Analyzing spatial grid index statistics

Analyzing statistics on an existing spatial grid index can tell you whether the index is efficient, or whether it should be replaced by a more efficient index.

Before you begin

Before you can analyze the data that you want to index:

  • Your user ID must hold the SELECT privilege on this table.
  • If your table has more than one million rows, you might want to use the ANALYZE clause to analyze a subset of the rows to have reasonable processing time. You must have a USER TEMPORARY table space available to use the ANALYZE clause.
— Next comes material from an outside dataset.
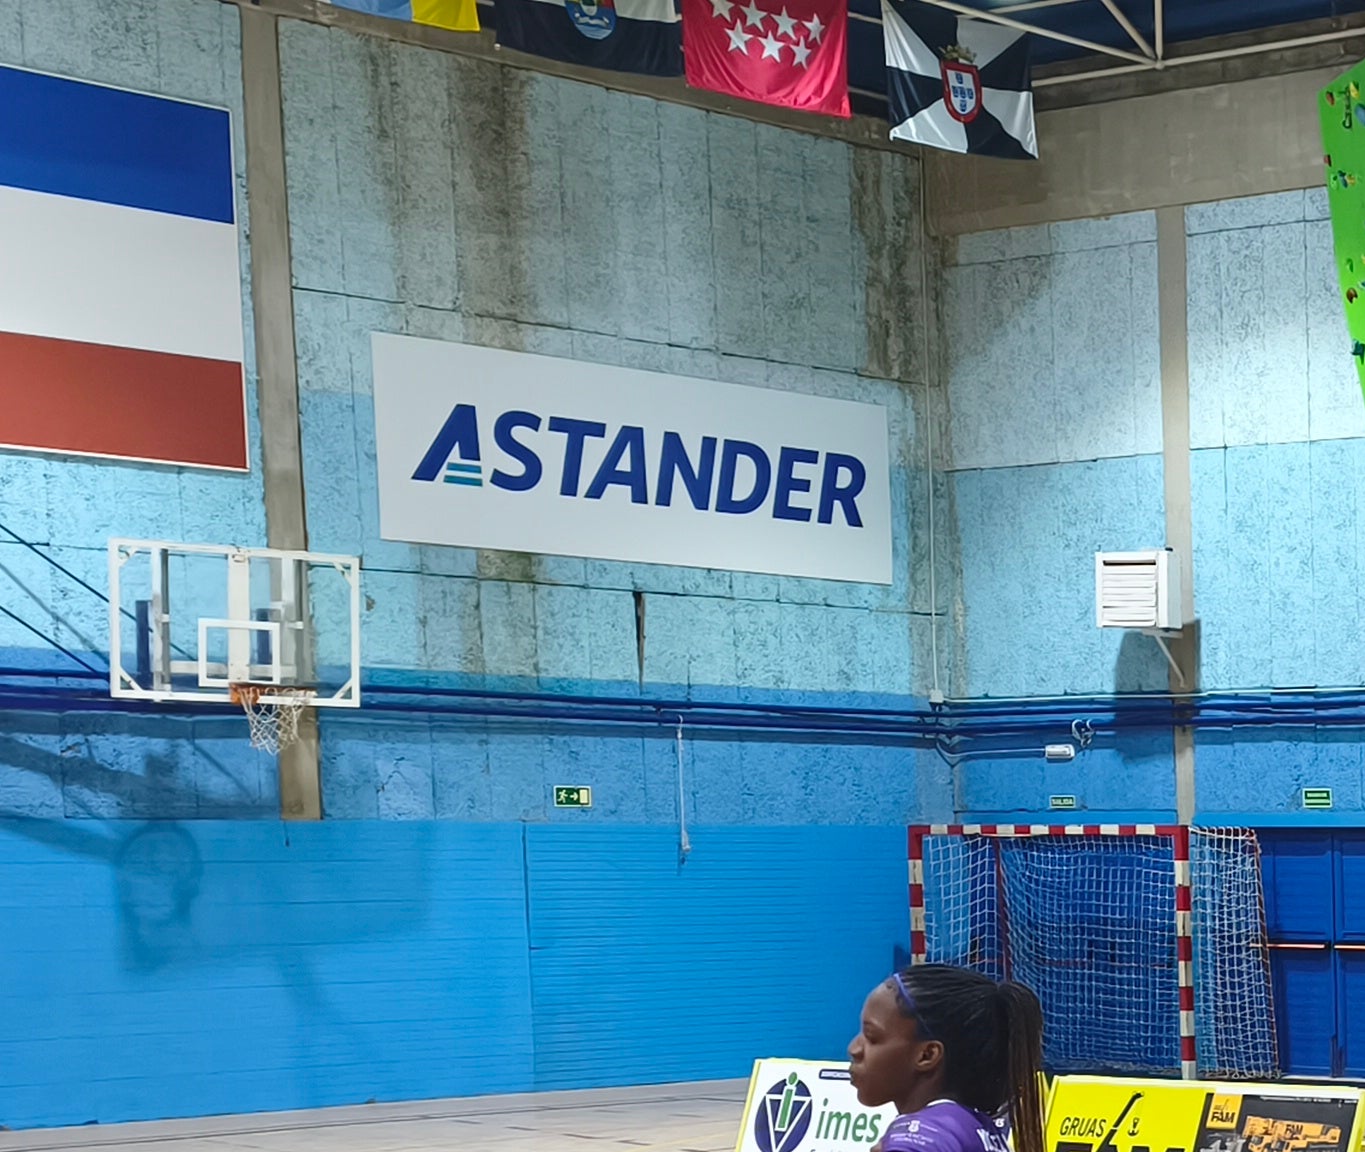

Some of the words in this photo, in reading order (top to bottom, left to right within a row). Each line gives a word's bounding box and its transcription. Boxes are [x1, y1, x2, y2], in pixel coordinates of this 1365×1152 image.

Set the page size of this table space to at least 8 KB and ensure that you have USE privileges on it. For example, the following DDL statements create a buffer pool with the same page size as the user temporary table space and grant the USE privilege to anyone:
    CREATE BUFFERPOOL bp8k  SIZE 1000 PAGESIZE 8 K; 
    CREATE USER TEMPORARY TABLESPACE usertempts
       PAGESIZE 8K
       MANAGED BY SYSTEM USING ('c:\tempts')
       BUFFERPOOL bp8k
    GRANT USE OF TABLESPACE usertempts TO PUBLIC;
    

About this task

Use the Index Advisor to obtain statistics on an existing spatial grid indexes. Analyze these statistics and determine if you should replace any indexes.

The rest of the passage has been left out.